In response, Blue Cross & Blue Shield of Rhode Island (BCBSRI) redirected the focus of its 2020 BlueAngel Community Health Grant program (BACHG) and awarded $500,000 to nine local organizations committed to improving access to affordable housing. This is in addition to $200,000 BCBSRI awarded to five housing-related agencies at the end of 2019.

The organizations receiving funding in 2020 are each finding creative ways to make healthy and affordable housing a reality for those most in need, as well as helping them to become self-sufficient, whether through building vocational skills, learning how to negotiate with a landlord and understand tenant rights, or, in the case of formerly incarcerated individuals, receiving case management assistance and reentry support.
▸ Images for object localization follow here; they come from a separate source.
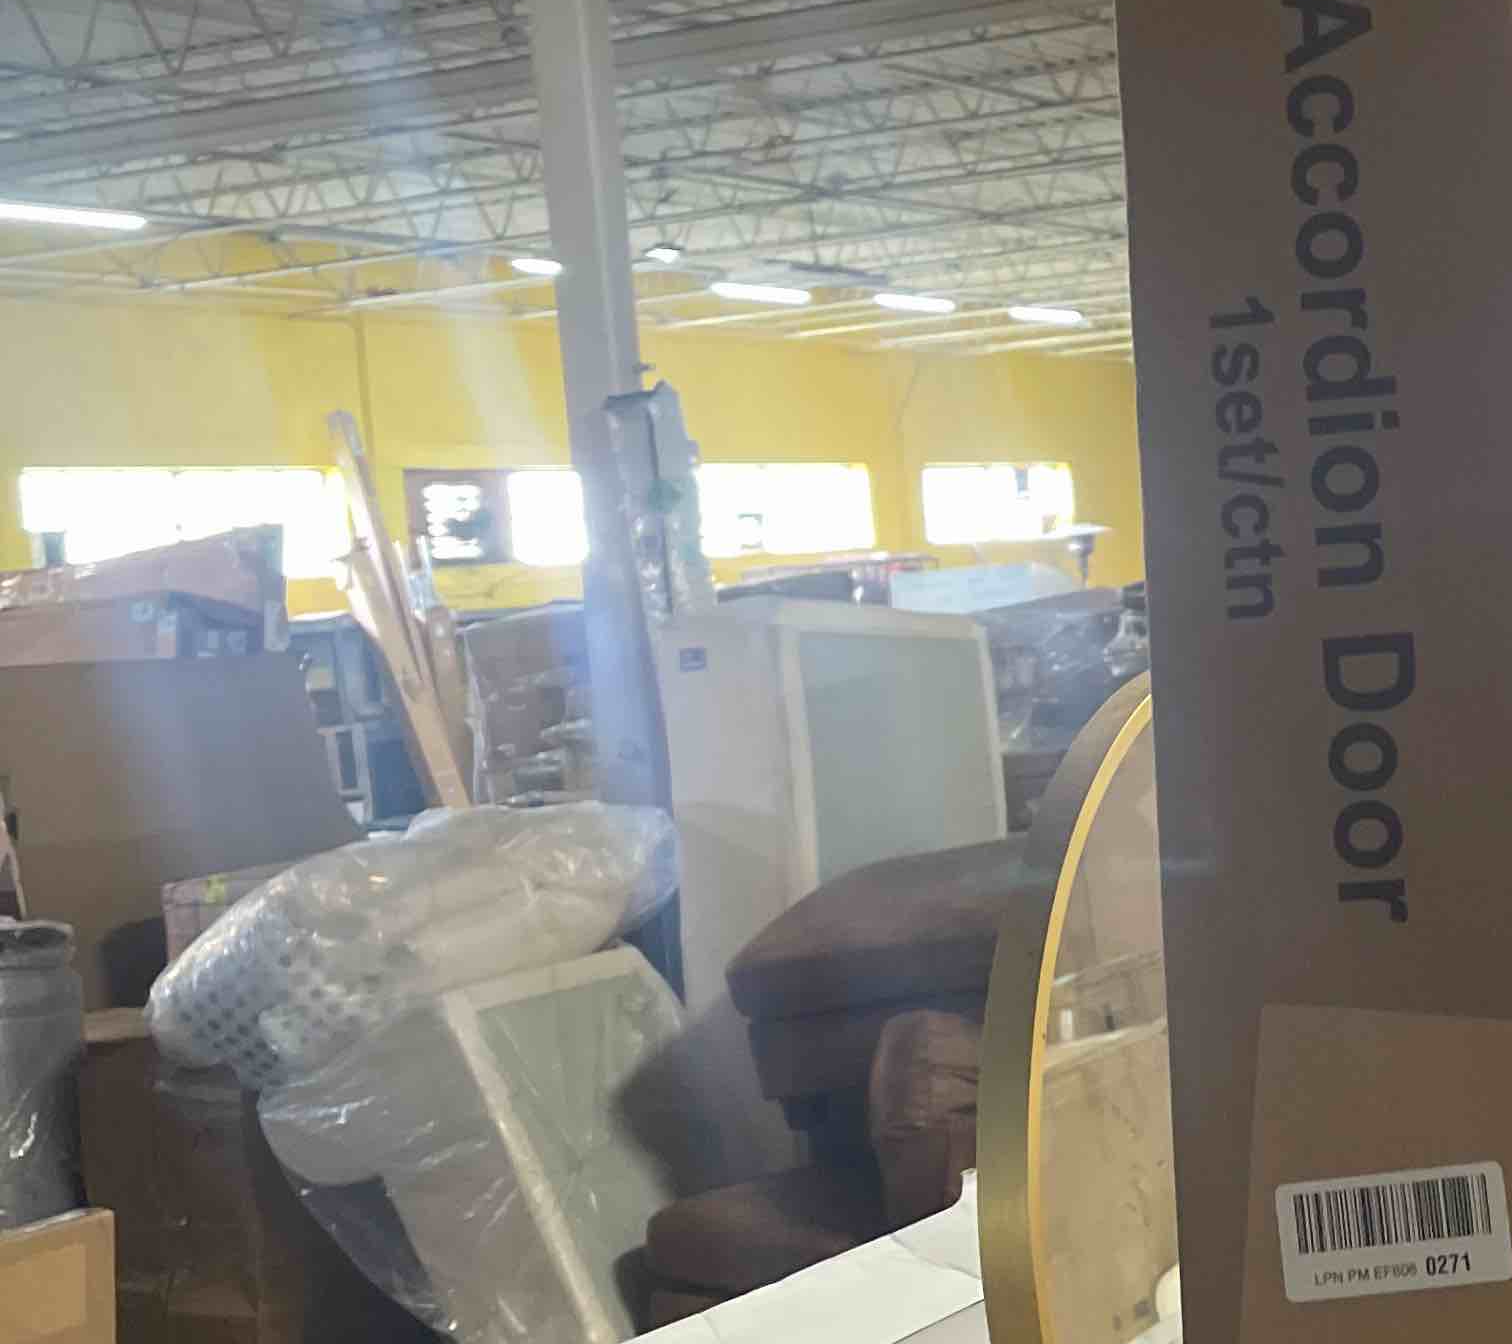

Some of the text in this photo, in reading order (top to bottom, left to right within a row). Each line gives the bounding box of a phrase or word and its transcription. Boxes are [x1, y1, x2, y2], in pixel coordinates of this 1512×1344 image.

[1209, 295, 1286, 623] 1set/ctn
[1323, 632, 1417, 923] Door
[1314, 1271, 1344, 1287] LPN
[1348, 1267, 1370, 1283] PM
[1425, 1253, 1471, 1276] 0271
“Based on the results of the RI Life Index, we were determined to take action on affordable and safe housing, one of the best-researched social determinants of health. We know that selective housing interventions can improve health outcomes and quality of life, which is our ultimate goal for Rhode Islanders,” said Kim Keck, BCBSRI president and CEO. “Lack of access to affordable and safe housing has been exacerbated by COVID-19, and we are grateful to the organizations who continue to work tirelessly to combat this issue. We look forward to collaborating with them in the days, weeks and months ahead.”

Grantees include Amos House, Child & Family, Foster Forward, Lucy’s Hearth, OpenDoors,  Providence Housing Authority, Rhode Island Legal Services, Sojourner House, Rhode Island Center for Justice.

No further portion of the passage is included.